Bug: Compiler stack overflow crash on deeply nested expressions (~2900 levels) #408
Description
Summary
The Circom compiler crashes with a stack overflow when processing expressions nested approximately 2900+ levels deep. Instead of producing a clean error message, the compiler aborts with thread 'main' has overflowed its stack.
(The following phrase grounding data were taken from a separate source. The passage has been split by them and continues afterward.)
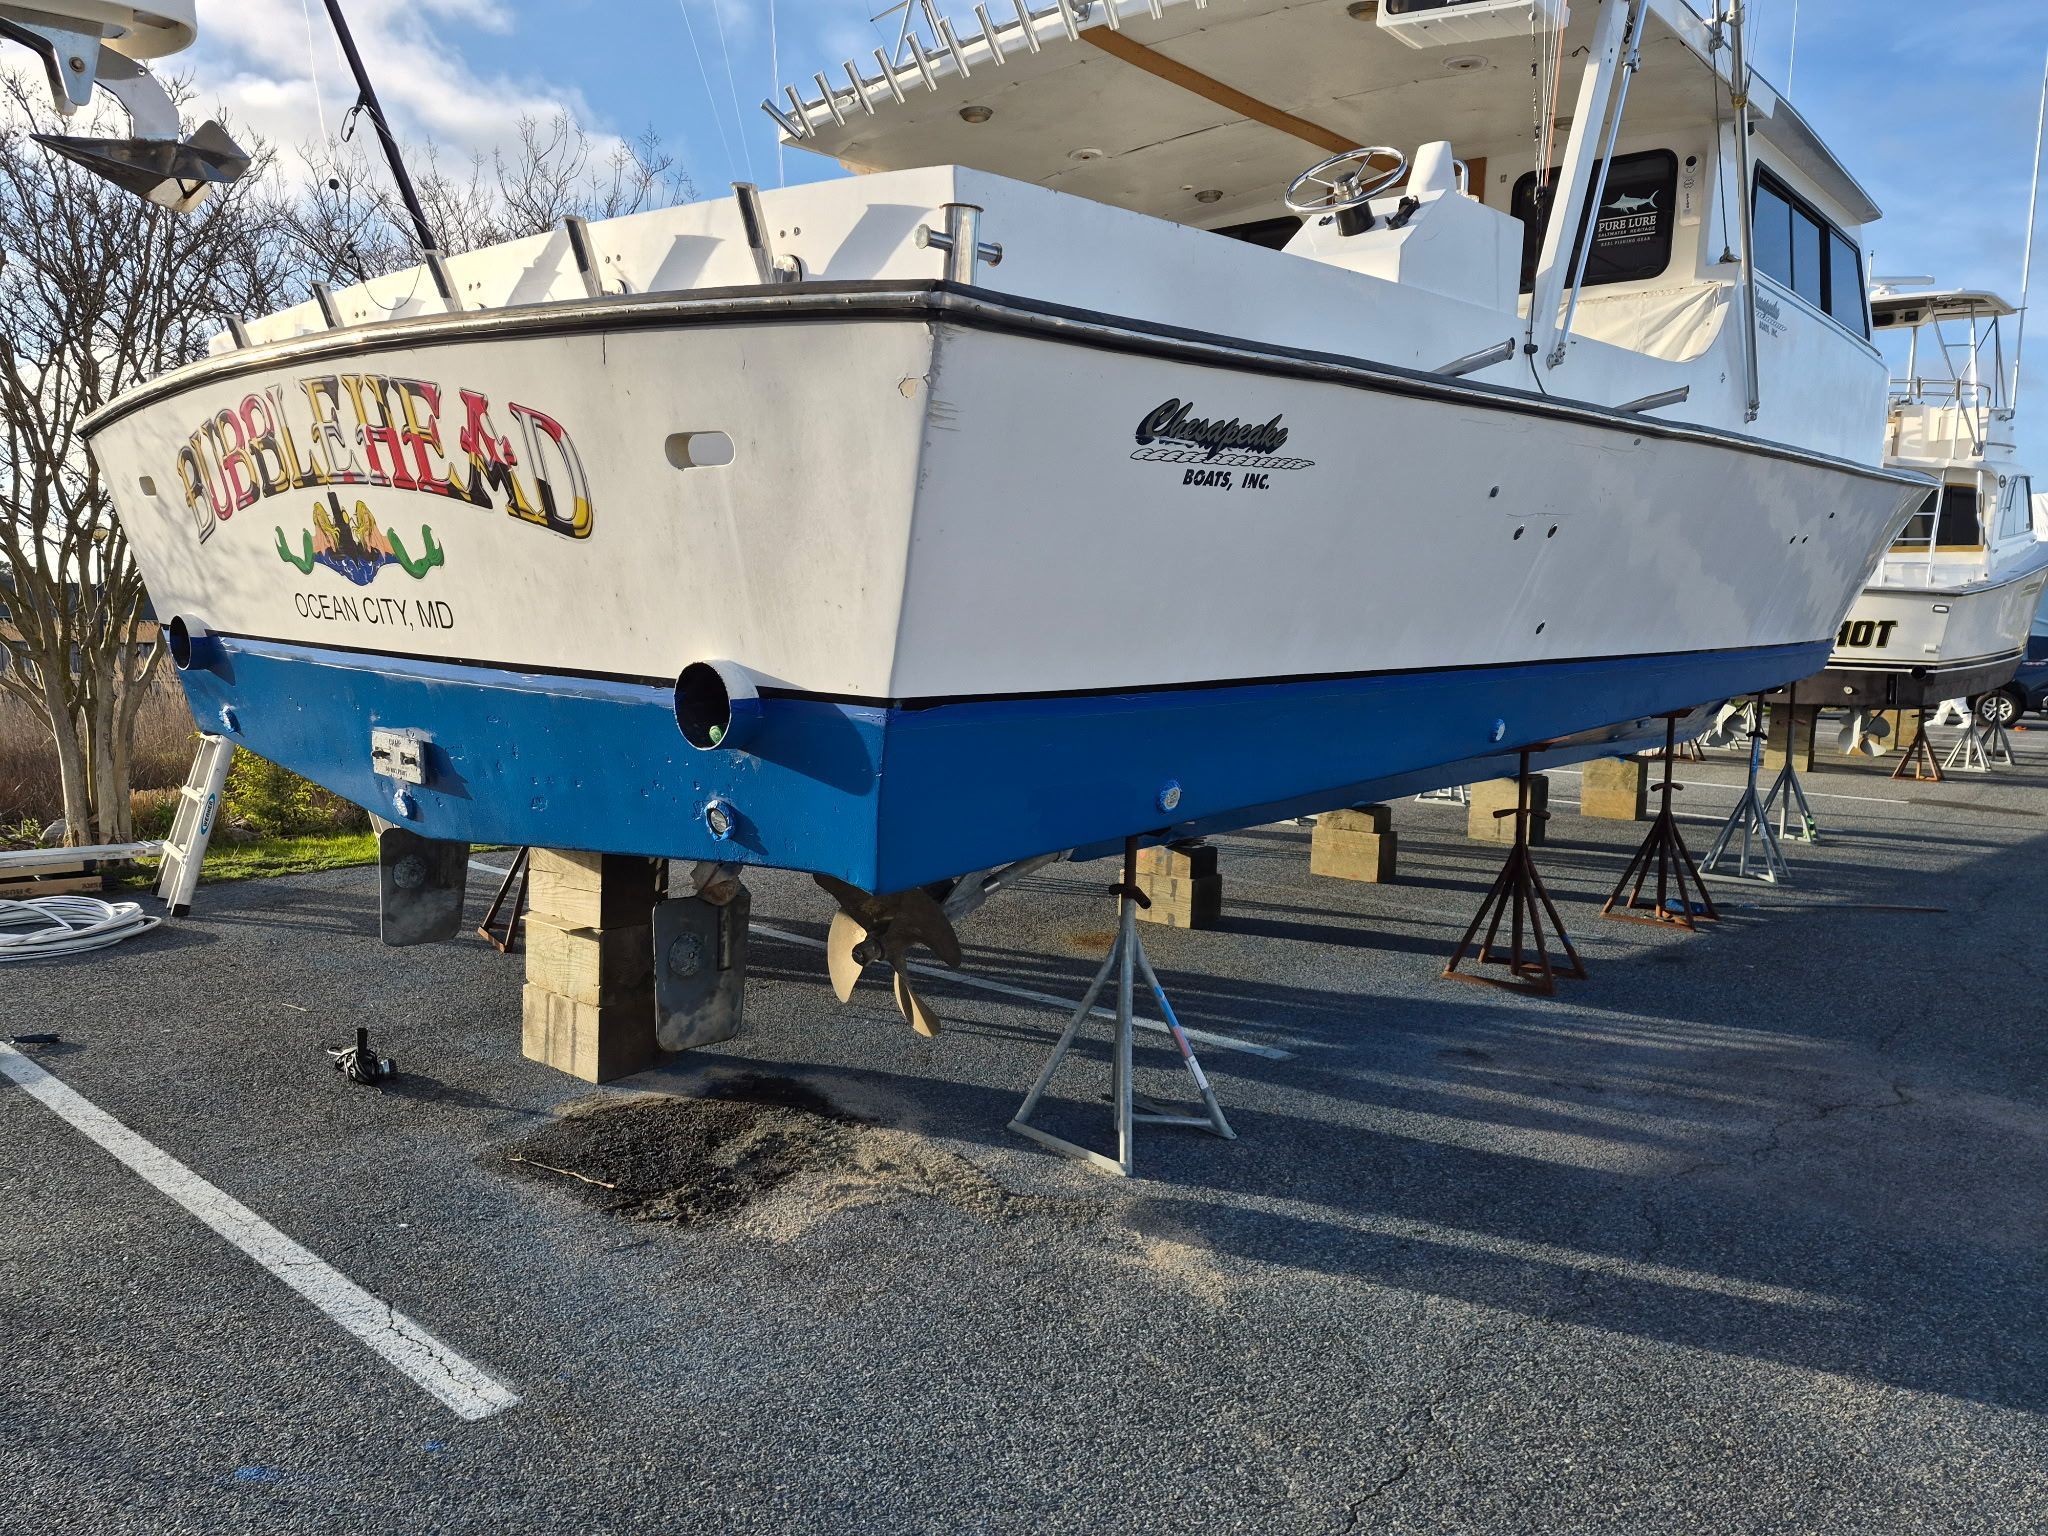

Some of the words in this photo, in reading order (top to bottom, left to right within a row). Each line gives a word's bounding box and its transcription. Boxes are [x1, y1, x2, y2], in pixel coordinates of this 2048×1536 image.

[1598, 219, 1626, 232] PURE
[1628, 215, 1657, 228] LURE
[1135, 397, 1289, 462] Chesapeake
[177, 373, 594, 545] BUBBLEHEAD
[1183, 468, 1233, 491] BOATS,
[1241, 473, 1270, 489] INC.
[294, 592, 361, 624] OCEAN
[362, 598, 415, 631] CITY,
[416, 600, 454, 630] MD
[203, 800, 214, 828] WERNER
The compiler should either handle the input or produce a clean error.
Environment
- Circom: 2.2.3 (latest master)
- OS: Ubuntu
Reproducer
The following Python script generates a test circuit with configurable nesting depth:
depth = 3000
expr = "a"
for _ in range(depth):
expr = f"({expr} + 1)"
code = f"""pragma circom 2.0.0;
template T() {{
signal input a;
signal output out;
var v = {expr};
out <== a;
}}
component main = T();
"""
with open("test.circom", "w") as f:
f.write(code)python3 generate.py
circom test.circom --r1cs --wasm --output .
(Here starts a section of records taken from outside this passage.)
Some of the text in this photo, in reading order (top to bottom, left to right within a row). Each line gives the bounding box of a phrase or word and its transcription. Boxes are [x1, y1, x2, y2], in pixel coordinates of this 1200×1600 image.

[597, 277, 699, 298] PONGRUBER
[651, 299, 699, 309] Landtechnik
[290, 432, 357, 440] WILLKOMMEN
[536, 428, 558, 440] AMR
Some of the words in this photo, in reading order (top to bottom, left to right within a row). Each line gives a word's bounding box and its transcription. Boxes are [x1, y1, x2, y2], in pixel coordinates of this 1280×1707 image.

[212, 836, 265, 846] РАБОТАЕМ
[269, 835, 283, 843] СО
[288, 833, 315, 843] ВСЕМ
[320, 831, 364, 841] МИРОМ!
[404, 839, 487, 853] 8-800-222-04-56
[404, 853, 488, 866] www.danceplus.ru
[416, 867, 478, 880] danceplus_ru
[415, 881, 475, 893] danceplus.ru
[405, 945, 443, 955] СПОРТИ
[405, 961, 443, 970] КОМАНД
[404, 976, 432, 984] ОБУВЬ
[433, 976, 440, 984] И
# CRASH: thread 'main' has overflowed its stack
# fatal runtime error: stack overflow, abortingResults
| Nesting depth | Circom | Noir | Cairo | Leo |
|---|---|---|---|---|
| 1000 | ✅ OK | OK | CRASH (~450) | OK |
| 2000 | ✅ OK | OK | CRASH | OK |
| 2900 | ✅ OK | OK | CRASH | OK |
| 3000 | ❌ CRASH | OK | CRASH | OK |
| 5000 | ❌ CRASH | OK | CRASH | OK |
The crash also occurs with very wide expressions (~5000 terms in a + a + a + ...).
Expected Behavior
The compiler should produce a clean error:
error: expression nesting depth exceeds maximum supported depth
A compiler should never crash on any input, regardless of how pathological it is.
Discovery Method
Found via differential testing tool that tests 4 ZK compilers with pathological circuit patterns.